Trauma relevant in divorce
Court separates marital misconduct from its debilitating fallout
Jun. 21, 2006. 07:33 PM
CANADIAN PRESS

OTTAWA — The “pure H-E double L” of D-I-V-O-R-C-E, as Tammy Wynette once sang, has its price after all.
The Supreme Court of Canada ruled Wednesday that the emotional devastation wrought by a cheatin’ heart can be factored into a wronged spouse’s ability to earn a livelihood, and thus her (or his) need for ongoing spousal support.

As a result, Gary Leskun must continue paying his ex-wife Sherry — a woman who lower courts found was “bitter to the point of obsession” — some $2,250 a month, almost eight years after he dumped her for another woman.

Yet the same 20-page Supreme Court ruling upholds the no-fault provisions in the 1985 Divorce Act and urges self-sufficiency, a delicate balancing act that attempts to separate marital misconduct, in and of itself, from its debilitating fall-out.

It is that emotional trauma — whatever its source — that may be considered by trial judges as one of many factors in a person’s financial outlook, wrote Justice Ian Binnie.

“If, for example, spousal abuse triggered a depression so serious as to make a claimant spouse unemployable, the consequences of the misconduct would be highly relevant,” — just as they are in the Leskun case, noted Binnie — “in determining the right to support, its duration and its amount.”

In Sherry Leskun’s case, the late 1990s had all the personal trials of a Tammy Wynette ballad.

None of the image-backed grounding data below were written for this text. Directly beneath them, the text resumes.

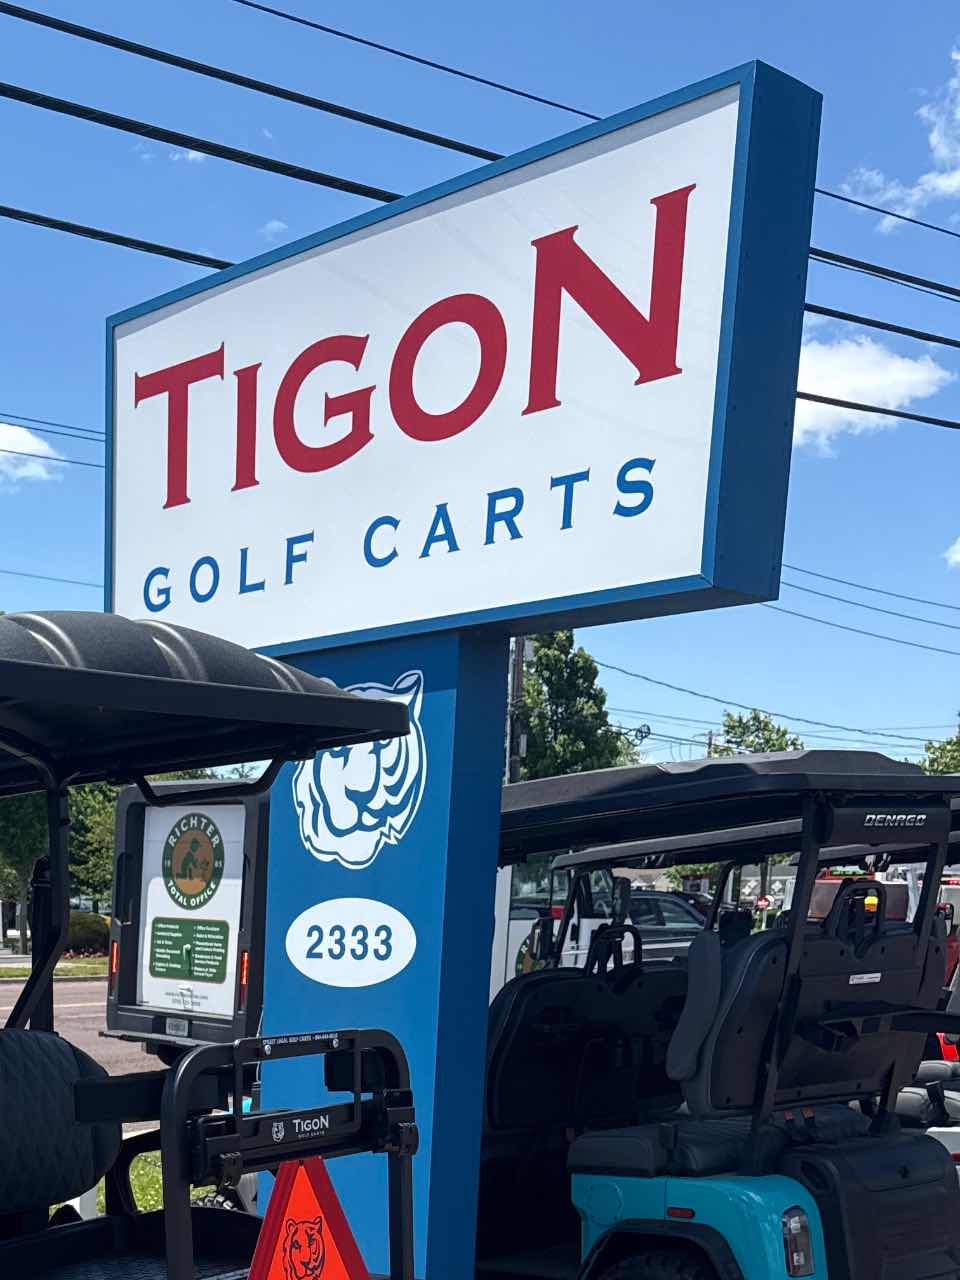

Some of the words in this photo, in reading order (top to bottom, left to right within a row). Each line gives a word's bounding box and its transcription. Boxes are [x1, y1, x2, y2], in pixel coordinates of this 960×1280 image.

[134, 183, 698, 511] TIGON
[143, 530, 315, 614] GOLF
[362, 457, 657, 569] CARTS
[168, 815, 220, 848] RICHTER
[167, 880, 187, 906] TOTAL
[190, 880, 217, 906] OFFICE
[305, 924, 393, 961] 2333
[292, 1114, 330, 1133] TIGON

She suffered a chronic back injury in 1995, her bank job was declared redundant in 1998, and her father, brother and sister-in-law all died in 1999. She was denied a longterm disability claim, had a sister diagnosed with cancer, and her eldest child from a previous relationship was suffering from multiple sclerosis.

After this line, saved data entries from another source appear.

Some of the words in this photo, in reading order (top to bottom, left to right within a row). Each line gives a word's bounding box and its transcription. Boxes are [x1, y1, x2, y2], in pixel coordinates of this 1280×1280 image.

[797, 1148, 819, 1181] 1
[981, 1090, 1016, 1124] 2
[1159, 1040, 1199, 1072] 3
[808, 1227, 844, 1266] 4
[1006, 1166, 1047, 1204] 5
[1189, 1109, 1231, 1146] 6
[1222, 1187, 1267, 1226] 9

In the middle of this, her husband of 20 years — some seven years her junior — returned to Vancouver from his new job posting in Chicago to say he’d met another woman, planned to marry her and wanted a divorce.

Sherry, who had dipped into her RRSPs and pension contributions to support her husband while he acquired his MBA and became a Certified General Accountant, was awarded half the family assets and monthly spousal support of $2,250.

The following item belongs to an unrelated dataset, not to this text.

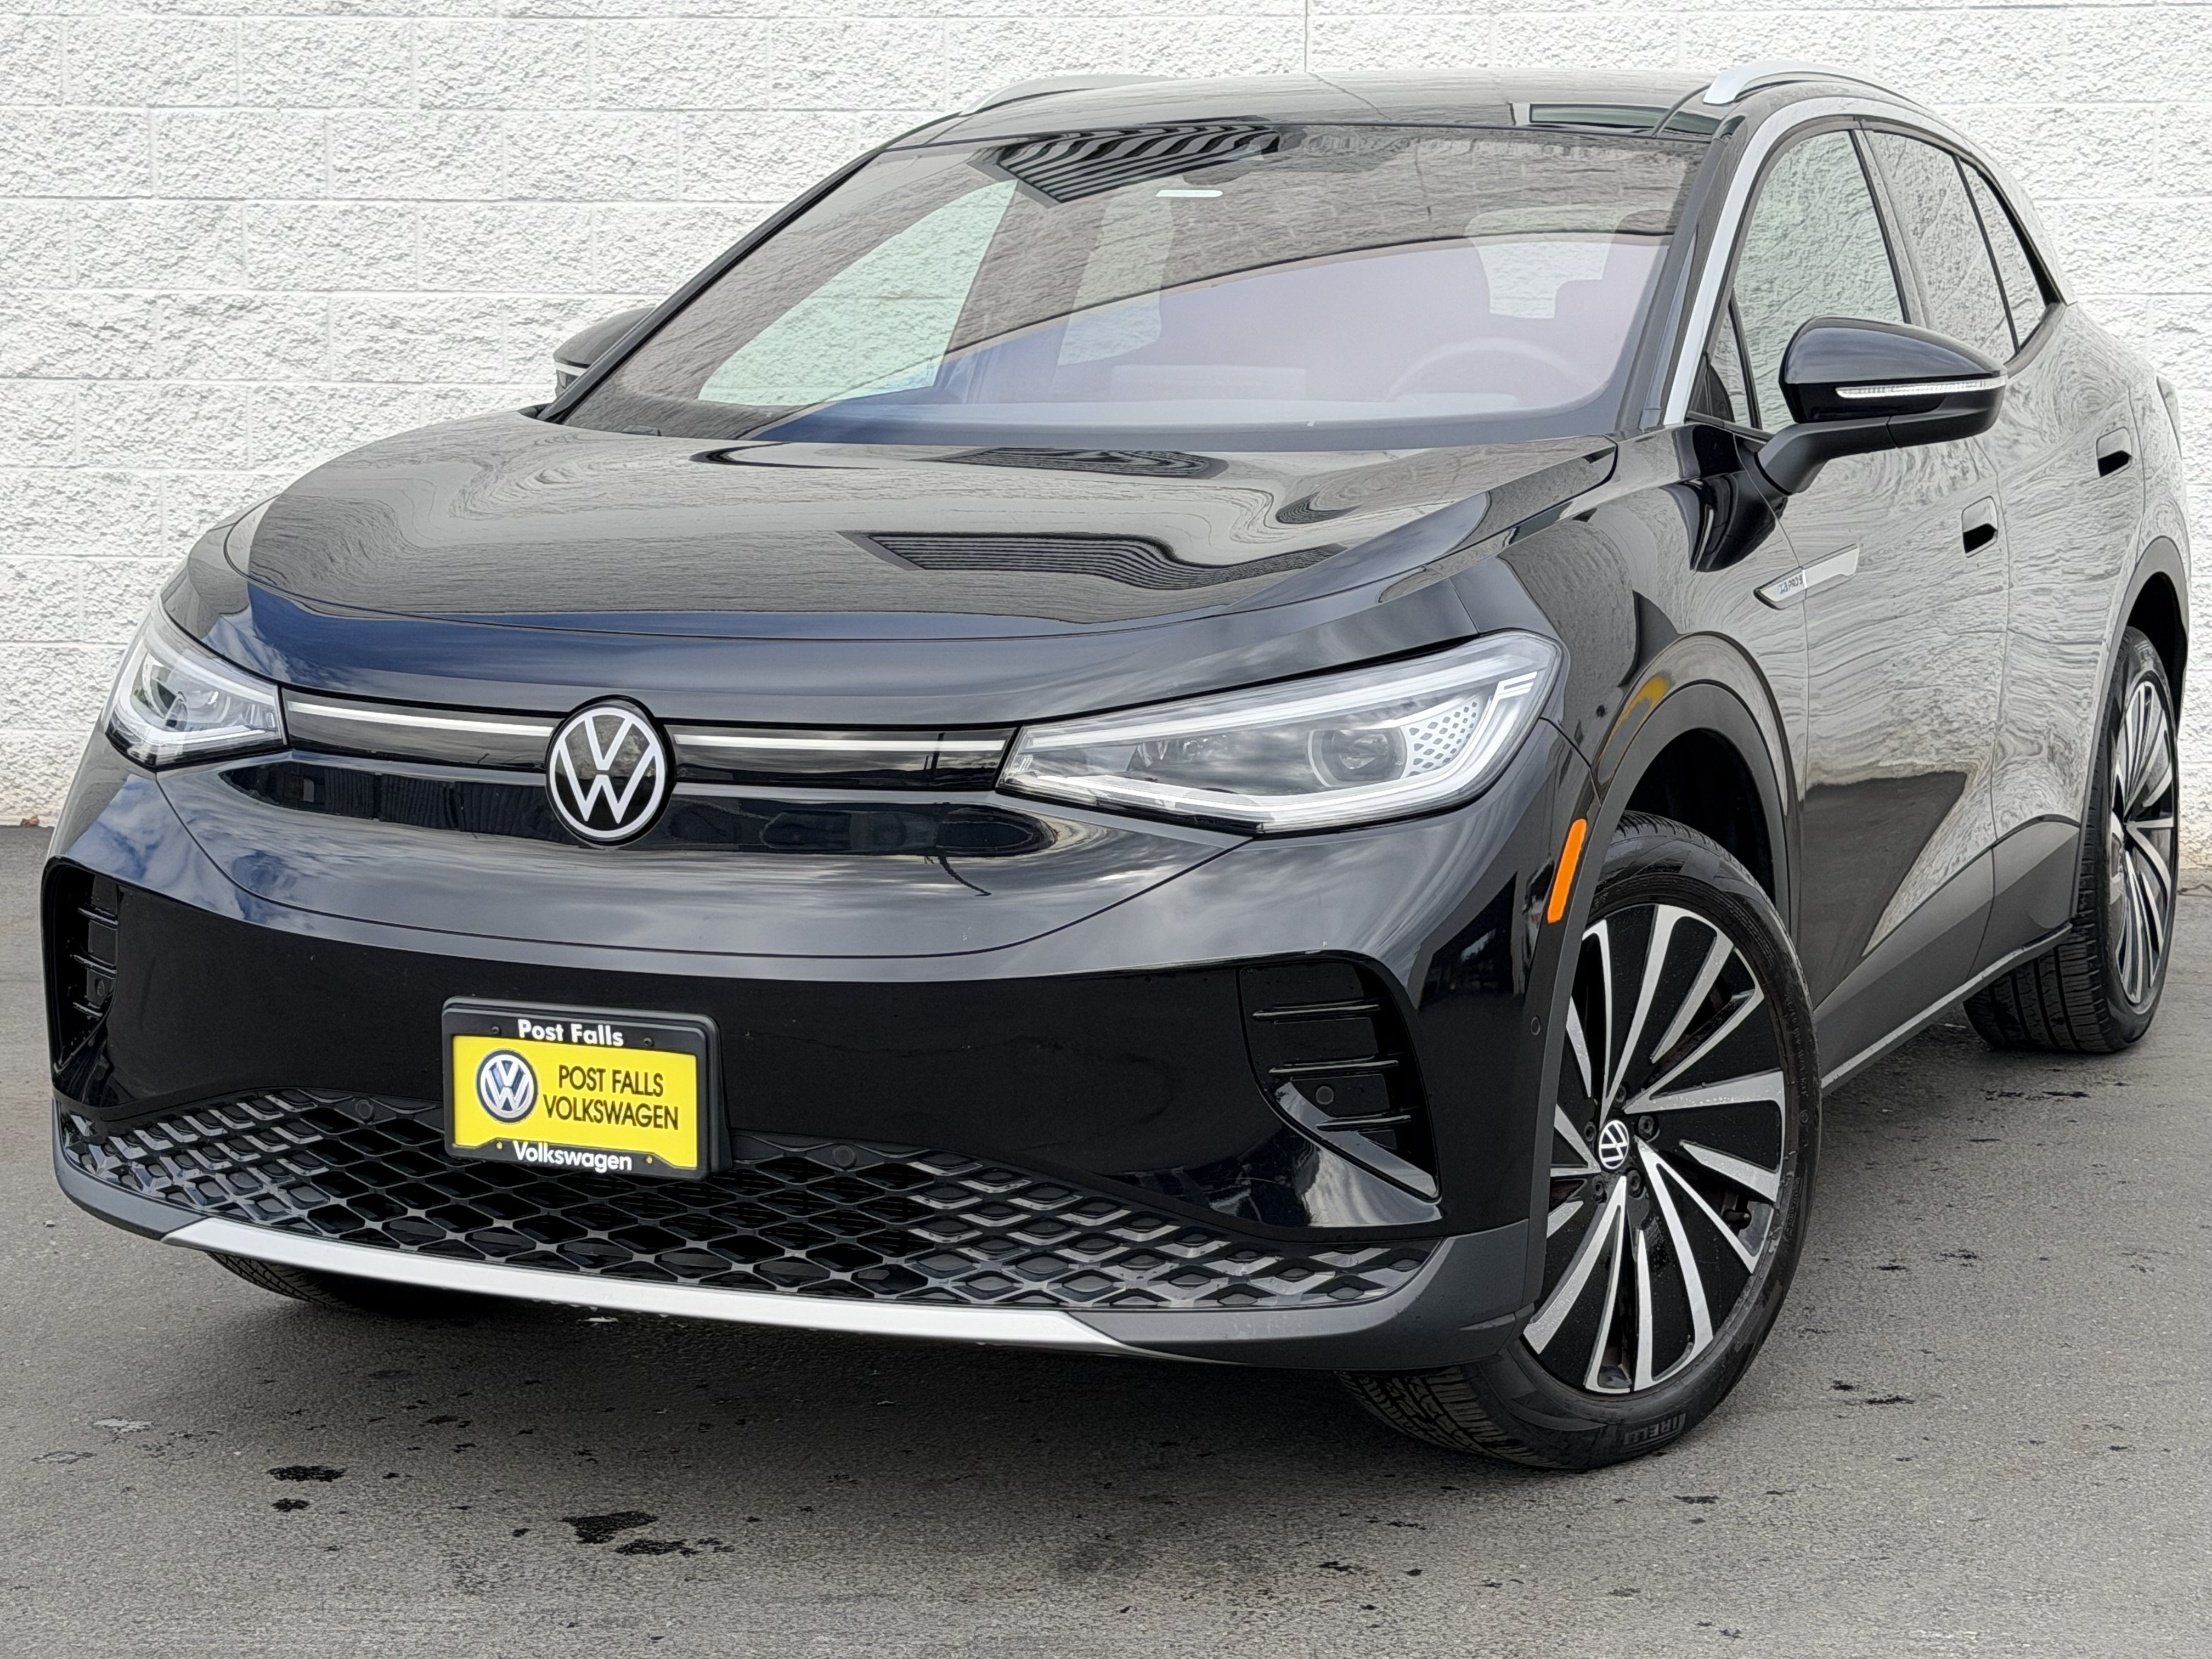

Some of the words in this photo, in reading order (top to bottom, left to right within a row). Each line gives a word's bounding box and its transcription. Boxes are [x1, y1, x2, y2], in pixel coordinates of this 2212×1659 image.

When Gary, having lost his US $200,000-a-year job, attempted to get the support payments reduced or ended in 2003, successive B.C. courts ruled against him.

The B.C. Court of Appeal ruling was particularly incendiary.

“Parliament, in its wisdom or lack thereof, has said the court must give no weight to what the husband did here,” wrote Justice Mary Southin.

“That is, by carrying on behind his wife’s back when it suited him, walking out on his wife of 20 years who had borne him a child and contributed substantially to his financial well-being.”

Southin ruled that Sherry Leskun’s inability to provide for herself was “a failure resulting at least in part from the emotional devastation of misconduct by the other spouse.”

Binnie, in the Supreme Court response, chided Southin’s language while upholding her decision.

“Misconduct, as such, is off the table as a relevant consideration,” wrote Binnie.

“There is, of course, a distinction between the emotional consequences of misconduct and the misconduct itself,” he continued.

“The consequences are not rendered irrelevant because of their genesis in the other spouse’s misconduct.”

Gary Leskun’s lawyer, Lorne MacLean, said the impact of the high court ruling may depend on how lower courts interpret it.

“It remains to be seen if misconduct can somehow come in through the consequences argument, when it’s not allowed to be considered under the Divorce Act,” MacLean said outside the court.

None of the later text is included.